* What to do
Please print every record exactly as it stands, leaving out the pictures.

== Supplied material

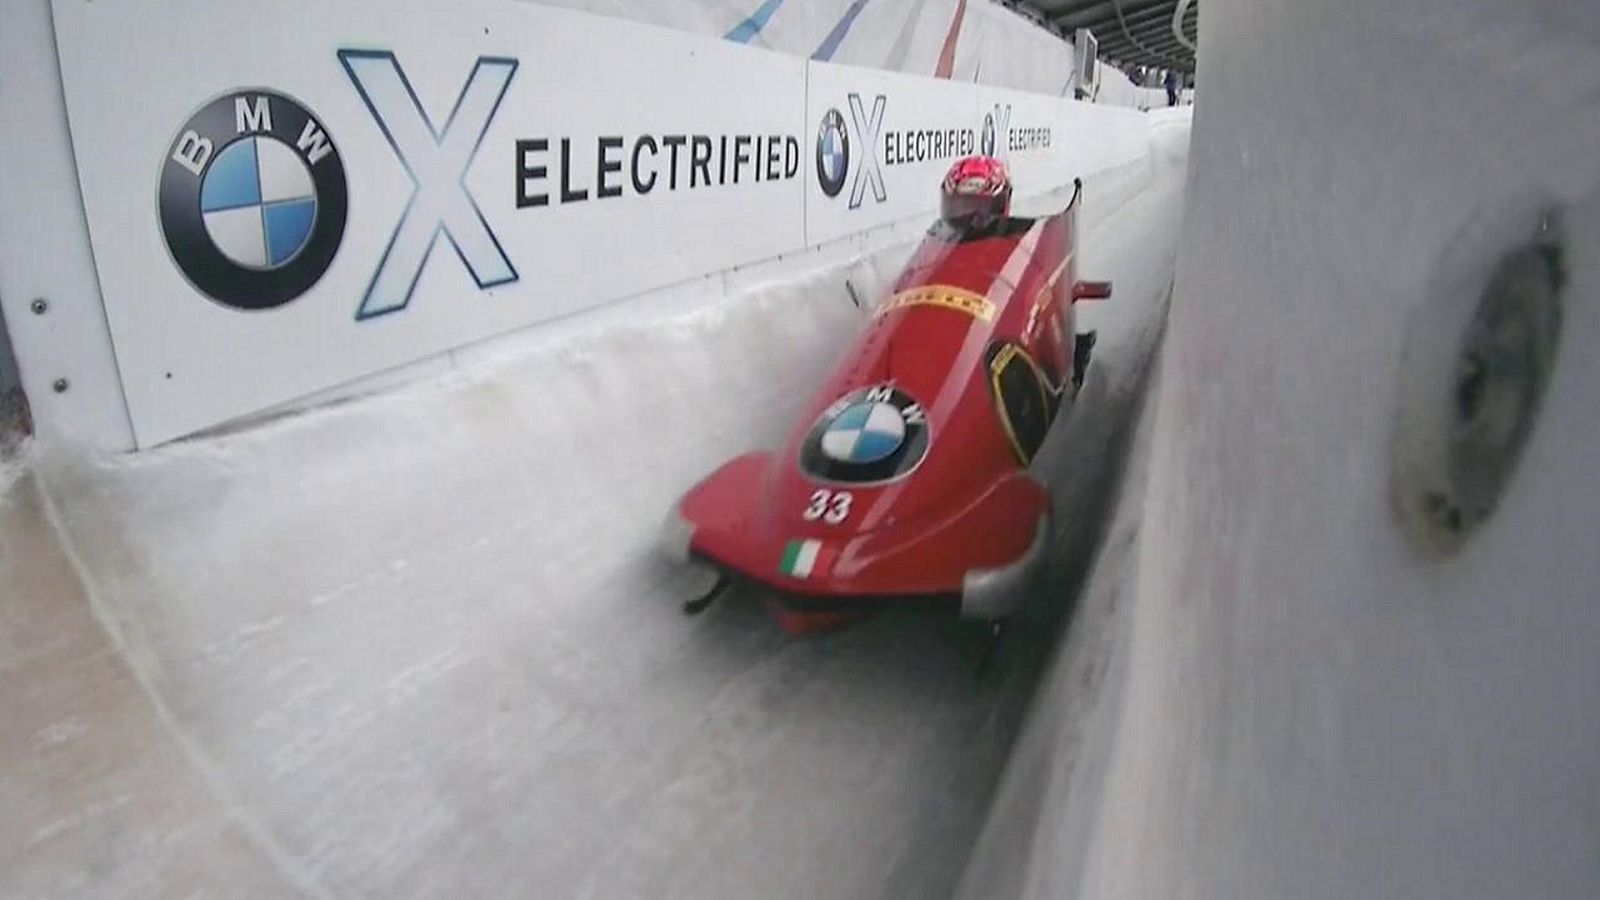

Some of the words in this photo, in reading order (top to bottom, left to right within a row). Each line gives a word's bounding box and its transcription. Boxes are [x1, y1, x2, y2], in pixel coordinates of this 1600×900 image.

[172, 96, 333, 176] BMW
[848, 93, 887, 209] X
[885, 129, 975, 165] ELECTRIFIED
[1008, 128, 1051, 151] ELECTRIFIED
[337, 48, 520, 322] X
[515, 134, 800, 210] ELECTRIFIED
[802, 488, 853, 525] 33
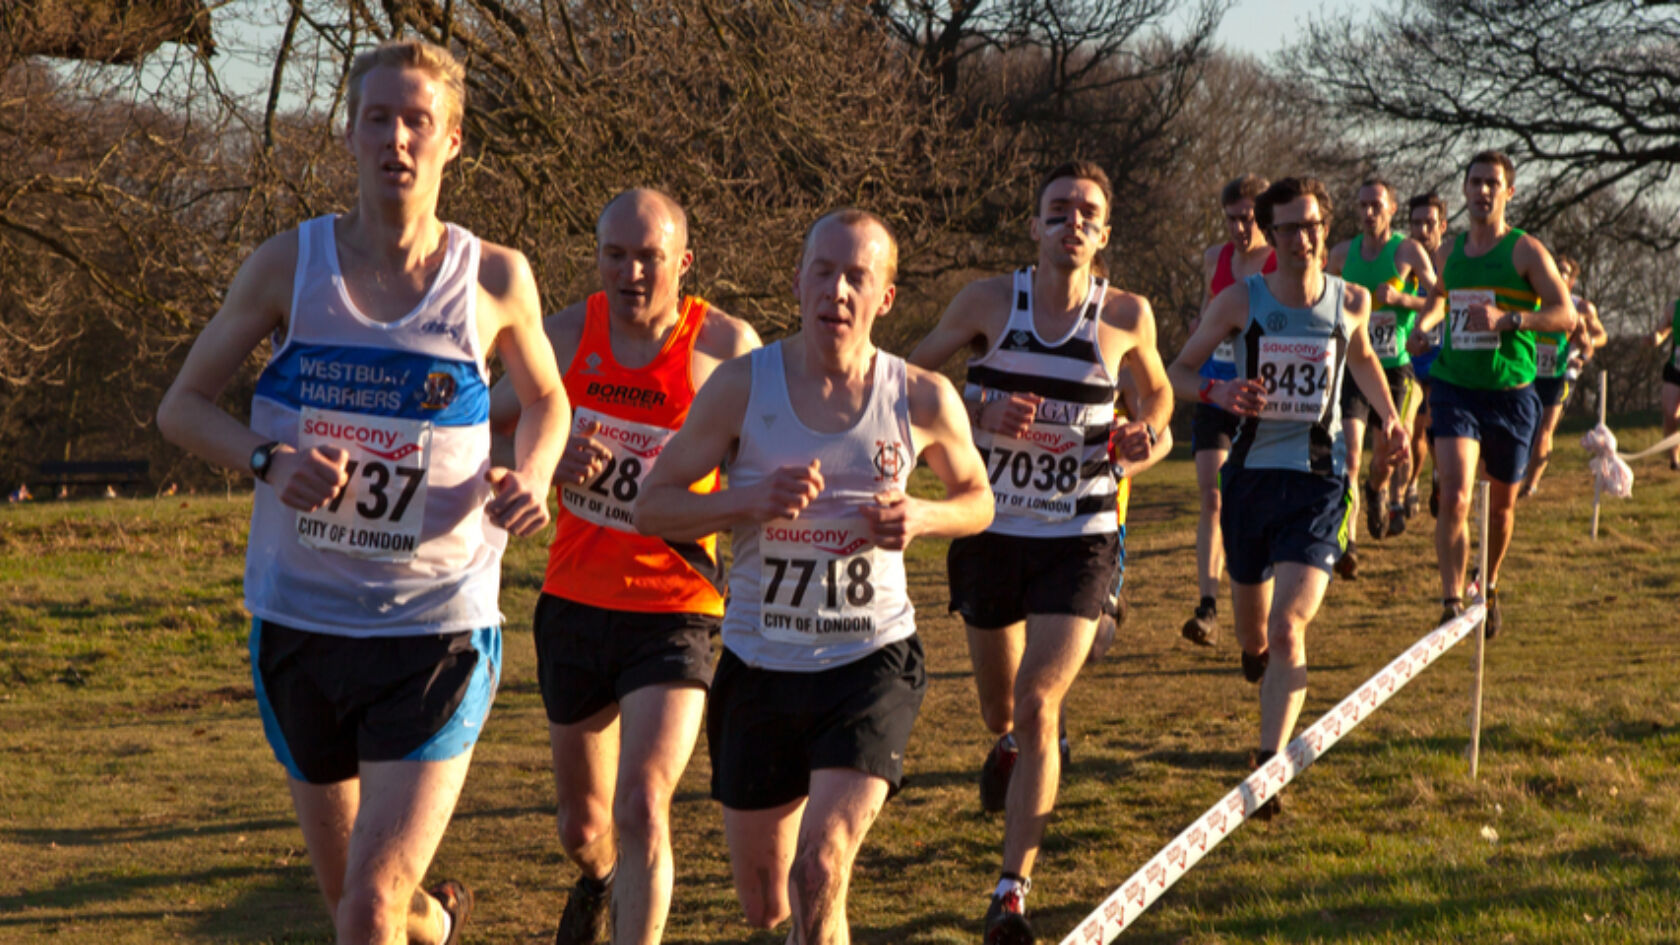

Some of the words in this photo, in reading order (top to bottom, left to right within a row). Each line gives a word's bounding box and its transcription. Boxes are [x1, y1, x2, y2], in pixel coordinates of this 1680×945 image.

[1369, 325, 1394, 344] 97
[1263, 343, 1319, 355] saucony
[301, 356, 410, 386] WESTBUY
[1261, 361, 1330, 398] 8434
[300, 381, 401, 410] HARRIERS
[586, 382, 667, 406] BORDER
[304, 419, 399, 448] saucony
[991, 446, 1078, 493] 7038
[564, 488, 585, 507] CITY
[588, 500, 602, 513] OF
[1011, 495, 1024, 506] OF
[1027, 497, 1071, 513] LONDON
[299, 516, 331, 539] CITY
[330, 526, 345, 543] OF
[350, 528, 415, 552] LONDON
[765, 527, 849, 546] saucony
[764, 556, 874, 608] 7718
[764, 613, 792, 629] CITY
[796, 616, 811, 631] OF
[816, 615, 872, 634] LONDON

====

* Answer to the exercise
Some of the words in this photo, in reading order (top to bottom, left to right within a row). Each line gives a word's bounding box and its transcription. Boxes are [x1, y1, x2, y2], in pixel coordinates of this 1600×900 image.

[172, 96, 333, 176] BMW
[848, 93, 887, 209] X
[885, 129, 975, 165] ELECTRIFIED
[1008, 128, 1051, 151] ELECTRIFIED
[337, 48, 520, 322] X
[515, 134, 800, 210] ELECTRIFIED
[802, 488, 853, 525] 33

Some of the words in this photo, in reading order (top to bottom, left to right within a row). Each line gives a word's bounding box and its transcription. Boxes are [x1, y1, x2, y2], in pixel coordinates of this 1680×945 image.

[1369, 325, 1394, 344] 97
[1263, 343, 1319, 355] saucony
[301, 356, 410, 386] WESTBUY
[1261, 361, 1330, 398] 8434
[300, 381, 401, 410] HARRIERS
[586, 382, 667, 406] BORDER
[304, 419, 399, 448] saucony
[991, 446, 1078, 493] 7038
[564, 488, 585, 507] CITY
[588, 500, 602, 513] OF
[1011, 495, 1024, 506] OF
[1027, 497, 1071, 513] LONDON
[299, 516, 331, 539] CITY
[330, 526, 345, 543] OF
[350, 528, 415, 552] LONDON
[765, 527, 849, 546] saucony
[764, 556, 874, 608] 7718
[764, 613, 792, 629] CITY
[796, 616, 811, 631] OF
[816, 615, 872, 634] LONDON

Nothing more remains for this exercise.